1) Quelles sont les similitudes entre les prérogatives du CSE et les pouvoirs de l’inspection du travail ?

Attributions du CSE en SSCT

Le CSE dispose de plusieurs attributions en matière de santé, sécurité et conditions de travail (SSCT) :

  • Il réalise des inspections régulières des lieux de travail et conduit des enquêtes en cas d’accident ou de maladie professionnelle ;
  • Il peut également exprimer des réclamations individuelles ou collectives et formuler des avis ou recommandations à destination de l’employeur ;
  • Il doit être consulté sur les projets d'aménagement et d'introduction de nouvelles technologies ;
  • Il formule des avis et des recommandations sur les mesures de prévention à mettre en œuvre dans l’entreprise ;
  • Il bénéficie d’un droit d’alerte en cas de risque grave ou de violation des droits des salariés, notamment en matière de harcèlement ou de discrimination.
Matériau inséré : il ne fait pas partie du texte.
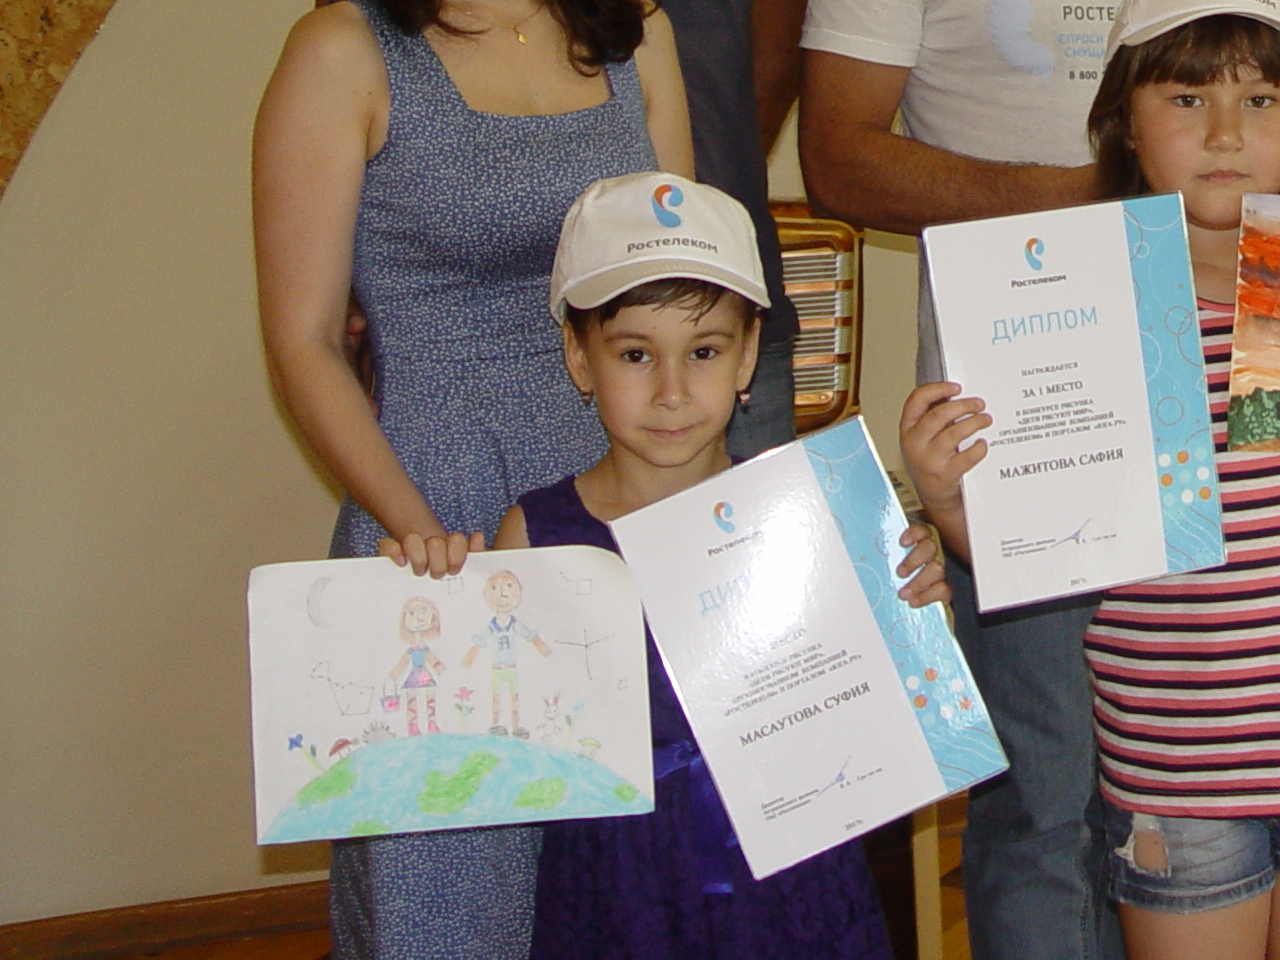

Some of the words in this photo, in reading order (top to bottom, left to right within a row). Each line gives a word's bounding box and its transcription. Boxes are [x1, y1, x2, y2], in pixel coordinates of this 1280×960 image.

Ce droit lui permet, le cas échéant, de saisir directement l’inspection du travail afin d’obtenir son intervention.

Pouvoirs de l’inspection du travail

L’inspection du travail détient des pouvoirs étendus :

  • Elle a le droit d’entrer sur le site de l’entreprise sans avertissement préalable, d’accéder à tous les documents utiles et de rencontrer librement le personnel ;
  • Elle peut également procéder à des vérifications, notamment en prélevant des objets ou des substances pour analyse, ou demander des justificatifs d’identités des travailleurs par ex ;
  • Elle doit donner une autorisation préalable à l’employeur dans certains cas, comme l’embauche d’un mineur ou le licenciement de personnes exerçant la fonction de représentant du personnel ;
  • Elle a la capacité de dresser des procès-verbaux en cas d’infractions constatées, d’imposer des mises en demeure à l’employeur, d’ordonner l’arrêt de travaux dangereux ou, dans les situations les plus graves, de saisir le procureur de la République.

L’employeur ne peut pas refuser un contrôle de l’inspection du travail imposé par la DREETS. Il commettrait alors un délit d’obstacle passible d’un an d’emprisonnement et de 37.500 euros d’amende.

2) Dans quelles situations le CSE et l’inspection du travail sont-ils amenés à collaborer ?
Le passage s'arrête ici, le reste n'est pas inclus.